The 'Evil' of Material Inequality . . .
I owe my friend Bill Vallicella a hat tip for this entry, for he blogged on it first, and I'm borrowing the Dennis Prager quotes from him. According to Prager, Still the Best Hope: Why the World Needs American Values to Triumph (Broadside Books, 2012), there's a reason that the Left has so often entangled itself with totalitarian (and would-be totalitarian) regimes over the past hundred years or so:
The Left's great fight is with material inequality, not with evil as normally understood. Thus, the Left has always been less interested in fighting tyranny than in fighting inequality. That is why Leftist dictators -- from Lenin to Mao to Pol Pot to Ho Chi Minh to Fidel Castro and Hugo Chavez -- have had so much support from Leftists around the world . . . . (page 29)I wouldn't say that this understanding of evil as primarily material inequality characterizes all those on the Left, nor all liberals, but it captures well the Left's tendency toward judging the world this way and is thus a useful rule of thumb by which to evaluate Leftist statements. It definitely takes the measure of many Leftist arguments that I read here in South Korea when the 'Progressives' are defending North Korea. Indeed, they at times seem to worry more about inequality emerging from the small markets now permitted in the North than about the people's need for such markets in order to survive. Only yesterday, I proofread an article written by a scholar on the left who actually voiced this concern about rising material inequality if the North truly initiates reforms.

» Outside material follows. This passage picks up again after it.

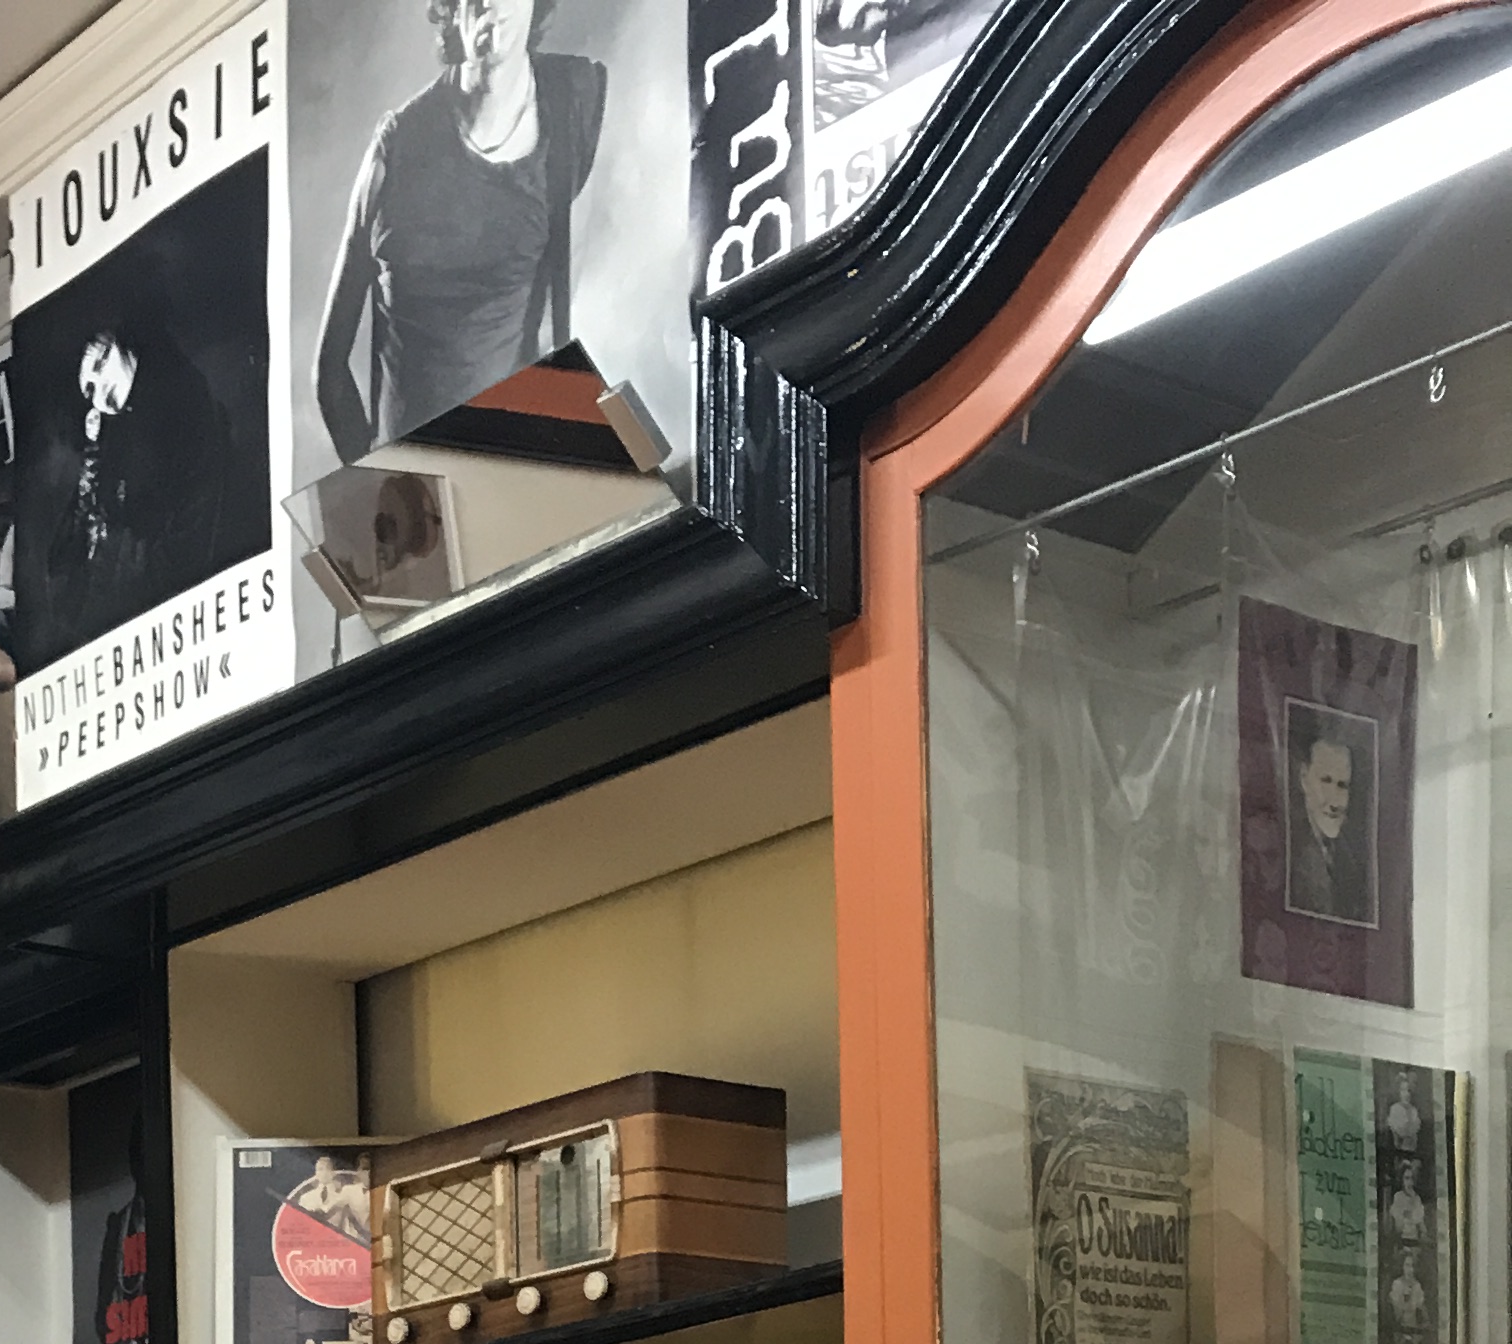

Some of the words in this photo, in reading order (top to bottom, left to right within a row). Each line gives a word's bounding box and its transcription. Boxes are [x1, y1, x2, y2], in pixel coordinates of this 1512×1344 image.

This explains the Left's relative disinterest in creating wealth. The enormous and unsustainable debts facing the individual American states and the United States as a country from 2009 on have disturbed the American Right far more than the American Left . . . . The reason is that the Left is not nearly as interested in creating wealth as it is in erasing inequality. (page 29)
Anyway, as for the rest of Prager's book, I haven't read it and therefore have no opinion to offer . . .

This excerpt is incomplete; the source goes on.